TALK SHOW by Yuhi Komiyama

不健康自慢

眼鏡を初めて作ったのは99年に音楽活動を半年休んで海外に旅に行く事になった時で、海外で車を運転する時にやはり標識や看板がしっかり見えてないと危ないというので、当時視力0.8位だったんだけど念のために作ったという感じでした。
それが今ではどんどん悪くなって、多分今は0.1~0.3位なんじゃないかなと思います。

この間友達に「ちょっと眼鏡貸してよ」と言われて貸したところ、僕の眼鏡を試しにかけたそいつから
「これ全然、度入ってないじゃん!」
「こんなのダテだよ!」
「俺なんかもっとすげー目悪いよ!!」
と、なぜか攻められたのですが、僕に言わせれば「べつに俺は眼が悪い事を売りにしてないし、お前の方が眼が悪いならそれはそれでいいんじゃないの??」っていう、「そんな事言われても、、」状態だったんですよ。

たまにいるでしょ、そういう『不健康自慢』する人。

「俺は眼がほんとに悪い」とか「(肩が)ガチガチにこってる」とか「最近飲み過ぎてる」とか「全然寝てない」とか、そういう事言いたがるやつ。
ほんと、どうでもいいんだよね、キミが不健康だろうとなんだろうと、それを他人に自慢すんな!っつのね。

人の眼鏡をして「これは度が軽すぎる」ってねえ・・
最初からキミと眼鏡の『度』で競うつもりはないし、そもそも『度』を競ってどうするんだ!?
『度』で勝ったとして、なんなんだ??
それって眼が悪いってだけでしょ、それのどこがすごいのか全く分からない。

サラリーマンとかで『徹夜自慢』する人とかもね、ほんと不思議ですね。
忙しぶって「三日完徹(みっかかんてつ)だよ」とかね。だとして、それがなんなの?と思うんですよ。
いや、べつに頑張ってるなとは思いますよ、でも徹夜すんのが偉いっていうなら期末試験前の高校生とかみんな偉くなっちゃうからね。
そうなる前にやっとけよ!っていうだけの話でしょ。

そういう『不健康自慢』する人多いですよね。

僕、全然肩とかこらないんですけど、マッサージされる事自体は気持ち良いから、友達に「ちょっと肩揉んでよ」とか言うわけですよ普通に、そうすると「全然こってないじゃん!!」とか言われるんですが、最初から僕はこってるなんて一言も言ってない。
気持ち良いから「肩揉んで」って言ってるだけで「肩こってる」なんて一言も言ってないんですよ、それなのに「俺の方が絶対こってるよ」とか、また『(肩)こってる自慢』が始まる。

だからー!

僕は不健康じゃないんですよ、気持ちいいから肩揉んでって言ってるだけで、肩もこってないし、眼もそれほど悪くないし、徹夜もしてないし、全然『不健康』で誰かと争うつもりないんですよ。

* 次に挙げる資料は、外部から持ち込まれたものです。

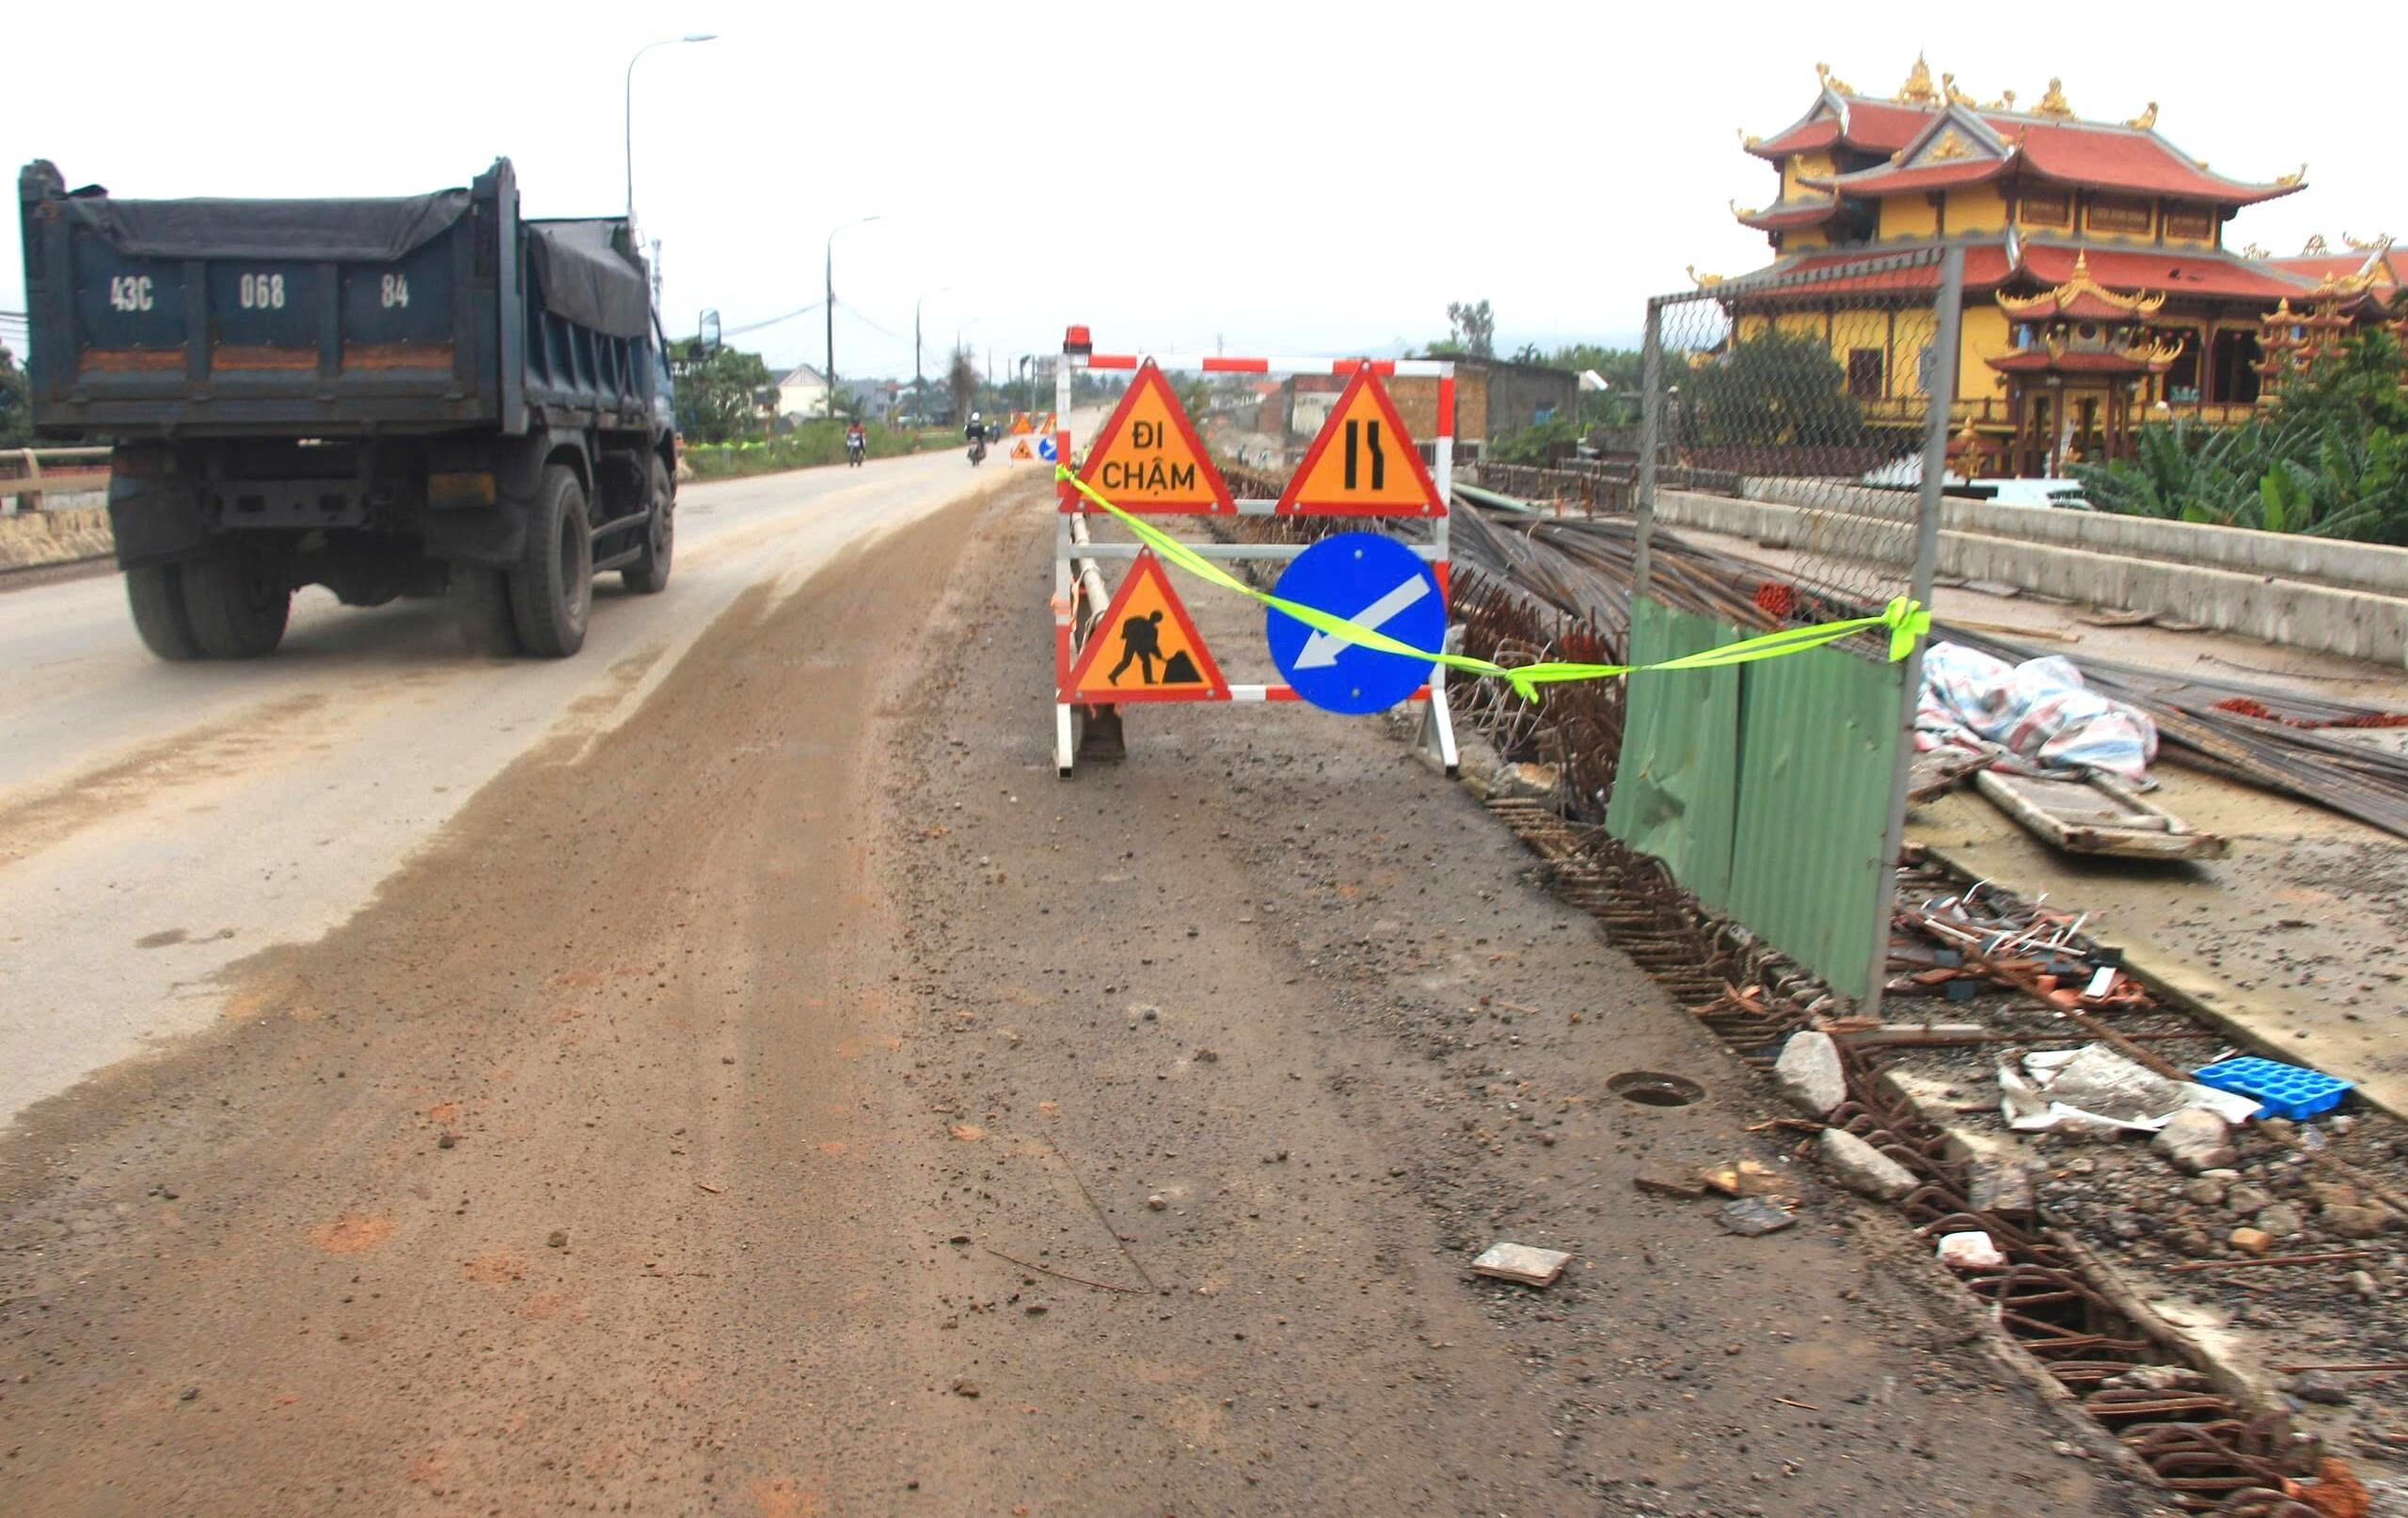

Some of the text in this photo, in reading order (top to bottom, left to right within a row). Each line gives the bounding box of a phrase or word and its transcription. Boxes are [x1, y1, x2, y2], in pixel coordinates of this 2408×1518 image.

[110, 274, 409, 311] 43C 068 84
[1132, 420, 1163, 449] ĐI
[1101, 456, 1195, 496] CHẬM

この不健康自慢って、子供の頃から見てるテレビとか映画の影響だと思うんですよ。ヒーローが怪我を負いながら悪をやっつけたりね、主人公がなんらかのハンディキャップを背負いながらも努力して成功をつかむみたいのあるでしょ、スポ根の基本ですよね。

でもね、怪我を負ったヒーローが活躍する物語は、活躍するとこに意味があるんであって、怪我負ってることがすごいわけじゃないんですよね。(それはただの怪我人の物語でしょ)

徹夜でがんばるサラリーマンが最終的に成功するドラマとかも、成功するところの美学であって、単に徹夜がかっこいいわけじゃないでしょ。
それじゃストーリーにならないよね、最初から最後まで主人公が徹夜でがんばってるだけのドラマとか。

だから不健康自慢をする人っていうのは、ものの本質を全然見れてない人って気がするんですよ。
キミが今まで見てきた物語の『不健康』は単に設定の一つであって、それが主題じゃないんだよ!と。
それを勘違いしている。

不健康自慢の人って要は自分をアピールしたいわけですよね。
でも、せっかく自分という物語をアピールするんだったら、『不健康』なんていう途中のストーリーをアピールするんじゃなく、そんな不健康がきっかけでこんなすごい事件に巻き込まれましたとか、そんな不健康が原因でテロリストと戦うことになってギリギリのところで地球滅亡を阻止しましたとか、そのくらいストーリーを広げて宣伝してくれないと、誰も観にきてくれませんよ、キミが不健康なだけの映画なんて。

<2014年のあとがき>
40代になると、不思議と不健康自慢をする人が減ってきます。
本当の意味で不健康になってくるので、あえて不健康を誇張しようなんて思わなくなるからです。
そう考えると、やっぱり20代30代の不健康自慢って、実際は健康の証だったのかなと。

ちなみに諸先輩に聞くと、これが50代になってくると、むしろ不健康の話が会話の中心になってきて、自慢でもなんでもなくなるそうです。
さらに60代になると、またその逆で今度は「俺はまだこんなに元気だぞ!」と、健康を自慢するようになるそうです。

できればどの時代もニュートラルに健康でいたいものです。